▶ Work task: For this exercise, transcribe all of the records exactly as given.

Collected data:
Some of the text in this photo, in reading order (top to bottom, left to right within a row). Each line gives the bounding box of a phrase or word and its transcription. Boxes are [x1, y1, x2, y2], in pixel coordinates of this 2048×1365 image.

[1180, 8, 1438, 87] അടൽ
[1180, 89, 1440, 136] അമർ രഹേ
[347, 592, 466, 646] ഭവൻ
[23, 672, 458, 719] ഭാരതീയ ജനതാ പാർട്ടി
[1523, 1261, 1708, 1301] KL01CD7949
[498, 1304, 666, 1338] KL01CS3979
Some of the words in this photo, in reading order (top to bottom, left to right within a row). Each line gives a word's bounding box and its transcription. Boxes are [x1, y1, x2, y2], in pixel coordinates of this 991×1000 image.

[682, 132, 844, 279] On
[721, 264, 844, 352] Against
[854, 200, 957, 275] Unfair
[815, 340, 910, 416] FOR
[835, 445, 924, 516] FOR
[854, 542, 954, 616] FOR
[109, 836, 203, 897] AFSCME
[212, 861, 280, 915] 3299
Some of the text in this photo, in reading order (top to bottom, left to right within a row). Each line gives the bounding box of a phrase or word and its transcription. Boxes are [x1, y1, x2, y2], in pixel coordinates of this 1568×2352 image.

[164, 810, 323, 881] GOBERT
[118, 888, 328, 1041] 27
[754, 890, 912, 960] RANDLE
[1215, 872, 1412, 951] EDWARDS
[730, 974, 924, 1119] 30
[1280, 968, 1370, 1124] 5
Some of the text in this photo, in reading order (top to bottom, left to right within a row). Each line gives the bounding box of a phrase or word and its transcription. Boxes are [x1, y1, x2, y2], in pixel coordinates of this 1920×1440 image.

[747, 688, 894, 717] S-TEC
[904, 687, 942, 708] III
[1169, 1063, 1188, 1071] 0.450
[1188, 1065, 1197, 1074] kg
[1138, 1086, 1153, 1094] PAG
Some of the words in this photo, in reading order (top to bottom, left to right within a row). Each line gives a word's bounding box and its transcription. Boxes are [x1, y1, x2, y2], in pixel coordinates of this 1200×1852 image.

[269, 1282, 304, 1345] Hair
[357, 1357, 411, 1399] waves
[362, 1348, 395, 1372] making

▶ Result of this exercise:
Some of the text in this photo, in reading order (top to bottom, left to right within a row). Each line gives the bounding box of a phrase or word and its transcription. Boxes are [x1, y1, x2, y2], in pixel coordinates of this 2048×1365 image.

[1180, 8, 1438, 87] അടൽ
[1180, 89, 1440, 136] അമർ രഹേ
[347, 592, 466, 646] ഭവൻ
[23, 672, 458, 719] ഭാരതീയ ജനതാ പാർട്ടി
[1523, 1261, 1708, 1301] KL01CD7949
[498, 1304, 666, 1338] KL01CS3979
Some of the words in this photo, in reading order (top to bottom, left to right within a row). Each line gives a word's bounding box and its transcription. Boxes are [x1, y1, x2, y2], in pixel coordinates of this 991×1000 image.

[682, 132, 844, 279] On
[721, 264, 844, 352] Against
[854, 200, 957, 275] Unfair
[815, 340, 910, 416] FOR
[835, 445, 924, 516] FOR
[854, 542, 954, 616] FOR
[109, 836, 203, 897] AFSCME
[212, 861, 280, 915] 3299
Some of the text in this photo, in reading order (top to bottom, left to right within a row). Each line gives the bounding box of a phrase or word and its transcription. Boxes are [x1, y1, x2, y2], in pixel coordinates of this 1568×2352 image.

[164, 810, 323, 881] GOBERT
[118, 888, 328, 1041] 27
[754, 890, 912, 960] RANDLE
[1215, 872, 1412, 951] EDWARDS
[730, 974, 924, 1119] 30
[1280, 968, 1370, 1124] 5
Some of the text in this photo, in reading order (top to bottom, left to right within a row). Each line gives the bounding box of a phrase or word and its transcription. Boxes are [x1, y1, x2, y2], in pixel coordinates of this 1920×1440 image.

[747, 688, 894, 717] S-TEC
[904, 687, 942, 708] III
[1169, 1063, 1188, 1071] 0.450
[1188, 1065, 1197, 1074] kg
[1138, 1086, 1153, 1094] PAG
Some of the words in this photo, in reading order (top to bottom, left to right within a row). Each line gives a word's bounding box and its transcription. Boxes are [x1, y1, x2, y2], in pixel coordinates of this 1200×1852 image.

[269, 1282, 304, 1345] Hair
[357, 1357, 411, 1399] waves
[362, 1348, 395, 1372] making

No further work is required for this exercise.